**** INPUT

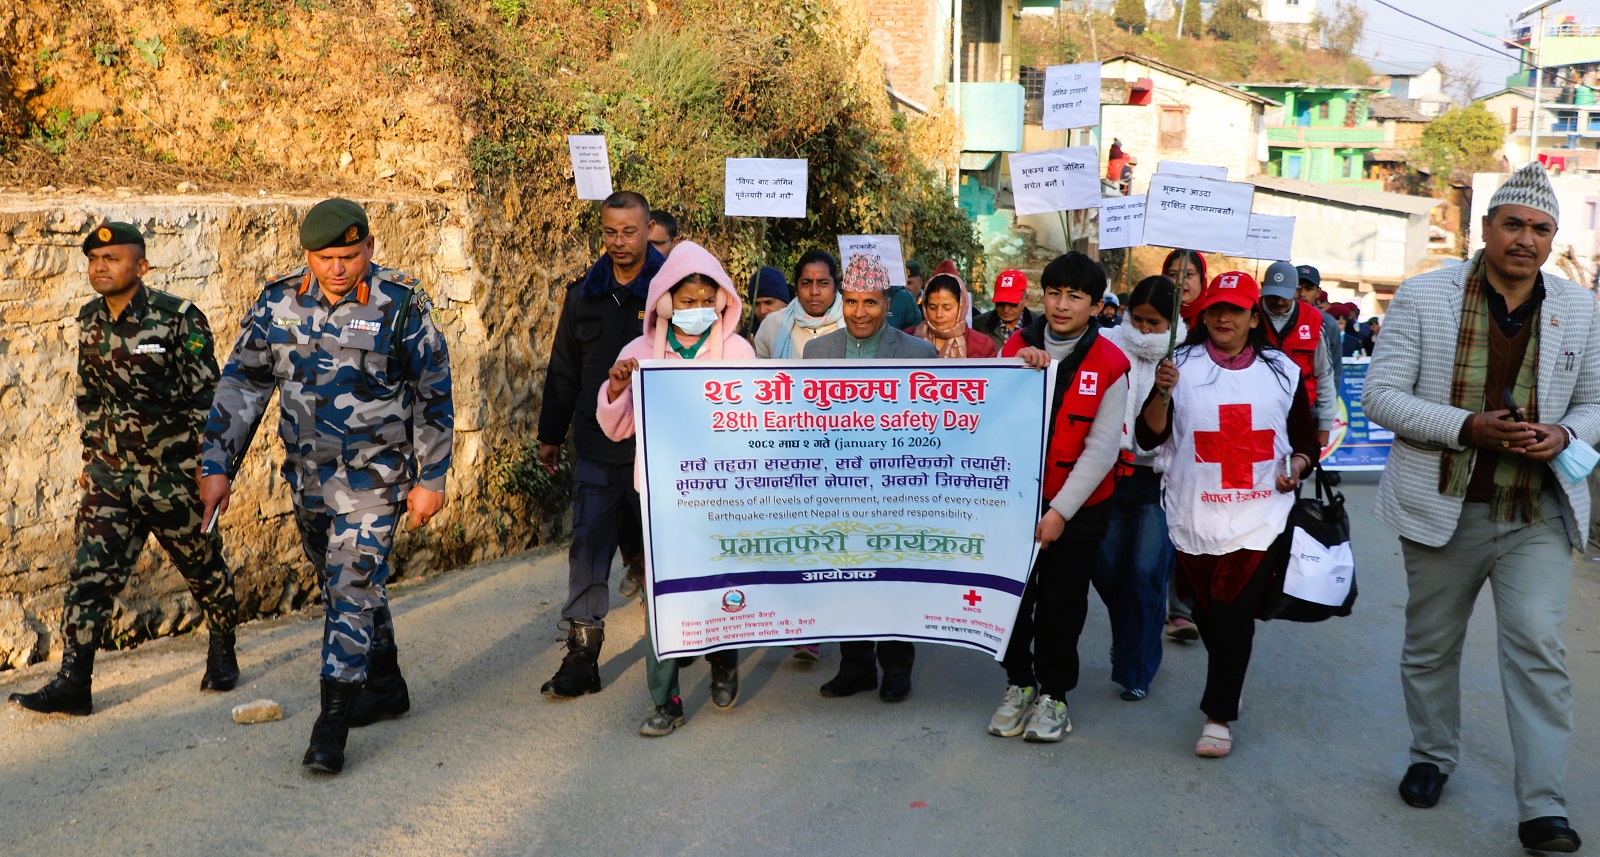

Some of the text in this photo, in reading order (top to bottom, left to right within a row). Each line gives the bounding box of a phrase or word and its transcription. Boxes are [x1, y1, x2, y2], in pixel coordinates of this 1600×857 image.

[1021, 161, 1085, 178] भूकम्प बाट जोगिन
[757, 178, 770, 186] बाट
[772, 177, 794, 186] जोगिन
[1023, 181, 1041, 190] सचेत
[735, 190, 762, 201] पूर्वतयारी
[1162, 185, 1187, 195] भूकम्प
[1160, 199, 1187, 211] सुरक्षित
[704, 379, 742, 402] २८
[803, 378, 900, 408] भुकम्प
[909, 371, 988, 403] दिवस
[712, 409, 980, 433] 28th Earthquake safety Day
[748, 436, 942, 451] २०८२ माघ २ गते (january 16 2026)
[679, 457, 707, 473] सबै
[713, 458, 759, 473] तहका
[834, 455, 864, 470] सबै
[869, 454, 955, 470] नागरिकको
[676, 477, 728, 496] भूकम्प
[734, 473, 819, 490] उत्थानशील
[881, 472, 930, 488] अबको
[935, 472, 1010, 491] जिम्मेवारी
[677, 497, 745, 509] Preparedness
[746, 496, 758, 505] of
[759, 495, 771, 505] all
[772, 495, 801, 505] levels
[803, 494, 815, 504] of
[816, 494, 880, 507] government,
[882, 493, 930, 504] readiness
[931, 493, 943, 503] of
[944, 496, 971, 506] every
[1201, 490, 1232, 503] नेपाल
[707, 510, 808, 523] Earthquake-resilient
[810, 508, 839, 520] Nepal
[841, 508, 850, 518] is
[851, 510, 869, 518] our
[871, 508, 904, 518] shared
[718, 530, 986, 557] प्रभातफेरी कार्यक्रम
[802, 568, 877, 581] आयोजक
[962, 606, 982, 614] NRCS
[681, 620, 702, 628] जिल्ला
[705, 617, 726, 626] प्रशासन
[729, 612, 755, 622] कार्यालय
[924, 614, 942, 622] नेपाल
[682, 630, 702, 638] जिल्ला
[722, 624, 742, 633] सुरक्षा
[723, 631, 755, 640] व्यवस्थापन
[941, 625, 982, 636] सरोकारवाला

********

**WORK INSTRUCTIONS:**
The result should be a precise copy of all the entries, free of pictures.

**REPLY TO THE TASK:**
Some of the text in this photo, in reading order (top to bottom, left to right within a row). Each line gives the bounding box of a phrase or word and its transcription. Boxes are [x1, y1, x2, y2], in pixel coordinates of this 1600×857 image.

[1021, 161, 1085, 178] भूकम्प बाट जोगिन
[757, 178, 770, 186] बाट
[772, 177, 794, 186] जोगिन
[1023, 181, 1041, 190] सचेत
[735, 190, 762, 201] पूर्वतयारी
[1162, 185, 1187, 195] भूकम्प
[1160, 199, 1187, 211] सुरक्षित
[704, 379, 742, 402] २८
[803, 378, 900, 408] भुकम्प
[909, 371, 988, 403] दिवस
[712, 409, 980, 433] 28th Earthquake safety Day
[748, 436, 942, 451] २०८२ माघ २ गते (january 16 2026)
[679, 457, 707, 473] सबै
[713, 458, 759, 473] तहका
[834, 455, 864, 470] सबै
[869, 454, 955, 470] नागरिकको
[676, 477, 728, 496] भूकम्प
[734, 473, 819, 490] उत्थानशील
[881, 472, 930, 488] अबको
[935, 472, 1010, 491] जिम्मेवारी
[677, 497, 745, 509] Preparedness
[746, 496, 758, 505] of
[759, 495, 771, 505] all
[772, 495, 801, 505] levels
[803, 494, 815, 504] of
[816, 494, 880, 507] government,
[882, 493, 930, 504] readiness
[931, 493, 943, 503] of
[944, 496, 971, 506] every
[1201, 490, 1232, 503] नेपाल
[707, 510, 808, 523] Earthquake-resilient
[810, 508, 839, 520] Nepal
[841, 508, 850, 518] is
[851, 510, 869, 518] our
[871, 508, 904, 518] shared
[718, 530, 986, 557] प्रभातफेरी कार्यक्रम
[802, 568, 877, 581] आयोजक
[962, 606, 982, 614] NRCS
[681, 620, 702, 628] जिल्ला
[705, 617, 726, 626] प्रशासन
[729, 612, 755, 622] कार्यालय
[924, 614, 942, 622] नेपाल
[682, 630, 702, 638] जिल्ला
[722, 624, 742, 633] सुरक्षा
[723, 631, 755, 640] व्यवस्थापन
[941, 625, 982, 636] सरोकारवाला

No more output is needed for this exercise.